Official figures show that South Africa is Zimbabwe’s biggest source of and route for raw materials destined for the country’s industry, followed by Europe at 13 percent, and China at 11 percent.  

Observers opine that the huge dependency on South Africa leaves local industry exposed to any negative development in its southern neighbour.  

“Our industries are exposed by the developments in South Africa. Covid-19 and the current developments in South Africa drive further home the need for us to strengthen and deepen our value chains,” said the Confederation of Zimbabwe Industries (CZI).  

An analysis of available data shows that local primary producers, as well as food and beverages manufacturers will perhaps be hit hardest by ongoing developments in the South Africa.  

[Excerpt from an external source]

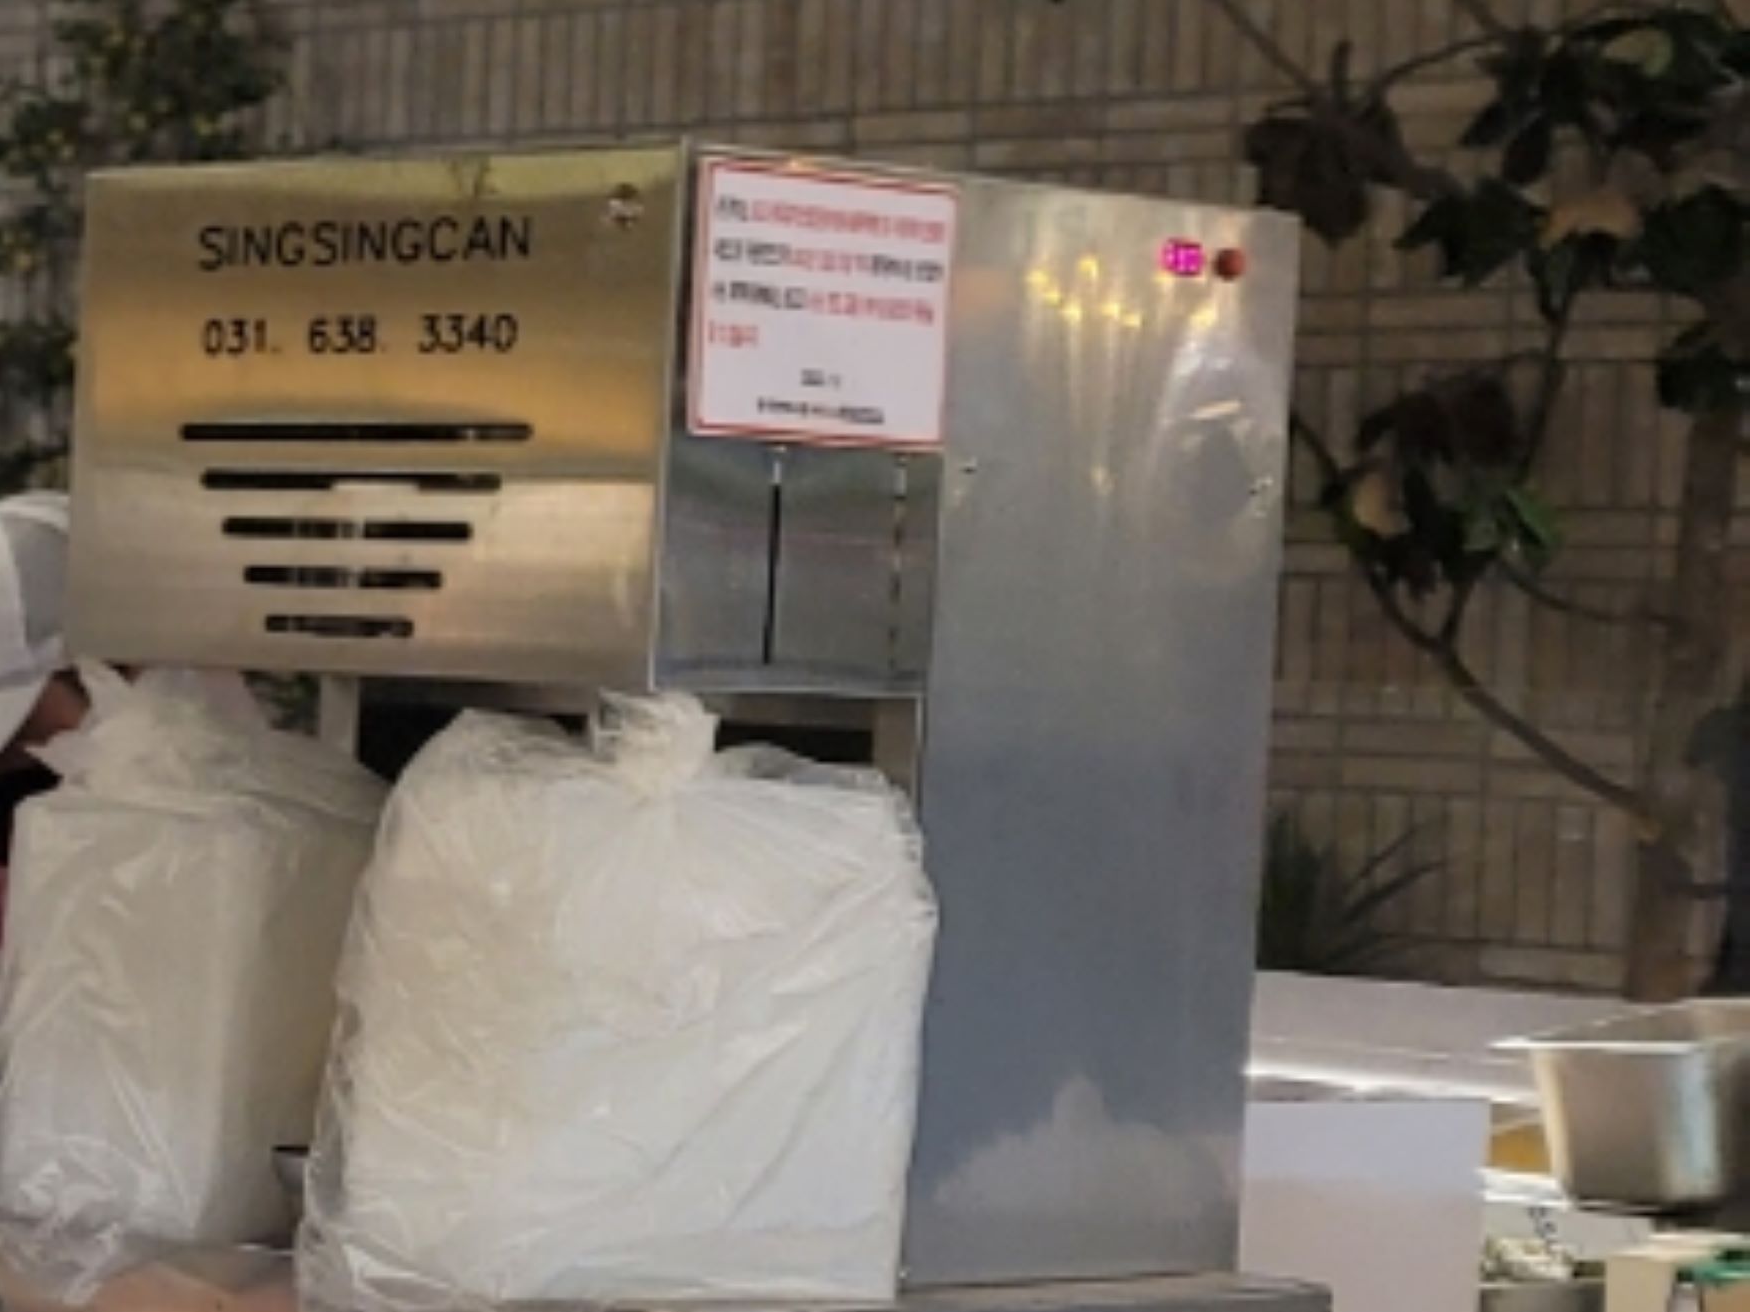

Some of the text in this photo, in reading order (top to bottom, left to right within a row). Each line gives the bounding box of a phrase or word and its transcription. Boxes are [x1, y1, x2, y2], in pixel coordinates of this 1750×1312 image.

[198, 216, 533, 273] SINGSINGCAN
[202, 312, 519, 357] 031. 638. 3340

According to a CZI report titled ‘Raw Material Import Exposure for Zimbabwean Industries’, 80 percent of Zimbabwean companies in the agriculture and horticulture sectors source their raw materials from or through South Africa.  

And in terms of the quantum of raw materials utilised by players in these sectors, 73 percent were imported, while the balance (27 percent) is procured locally.  

The report also shows that South Africa is the major source of imported raw materials for local drink, tobacco and beverages producers, although imported raw materials account for 35 percent of their requirements. 

Observers in South Africa have also warned of food insecurity issues as a result of the demonstrations. 

“In the case of trade, the current disruptions weigh even more heavily on businesses in the agriculture sector and farmers. On average, 75 percent of the country’s grains are transported by road annually,” wrote Wandile Sihlobo from the University of Witwatersrand.

“These are largely exported through the Durban harbour. The same is true for imported food products such as rice, wheat and palm oil, among other products.   

“The volumes are also large for horticulture, specifically citrus, a leading exportable agricultural product in South Africa. 

The burning of trucks on the roads and the blocked routes to the ports will prove costly to businesses and harm South Africa’s reputation as a global supplier in various value chains.”  

These “broader value chains” could also extend to other areas of the Zimbabwean economy, given that South Africa is also Zimbabwe’s biggest export market.  

South Africa accounts for over 70 percent of Zimbabwe’s exports.  

In this regard, it is largely expected that the latter’s primary producers, namely mining companies; agricultural and horticultural players will be hit if trade routes remain clogged. 

According to an earlier analysis by trade expert Taku Fundira for Tralac, “South Africa’s with Zimbabwe mirrors that of a developed country vs developing country trade profile wherein South Africa (developed) imports mainly primary, low value natural resource-based products and exports to Zimbabwe (developing) largely value-added manufactured products.” 

He added: “75 percent of South Africa’s imports are mainly mineral products with another 23 percent mainly agricultural products. Exports on the other hand are quite diversified ranging from machinery; mineral fuels; vehicles; plastic products; electrical equipment among others; the bulk of which are value added products.” 

Zimbabwe National Chamber of Commerce (ZNCC) chief executive Takunda Mugaga has estimated that the Zimbabwean economy could lose around US$30 million if the demonstrations continue for a period of a week. 

The events in South Africa have again highlighted the need for Zimbabwe to boost and diversify its manufacturing output, as well as expand its import and export markets.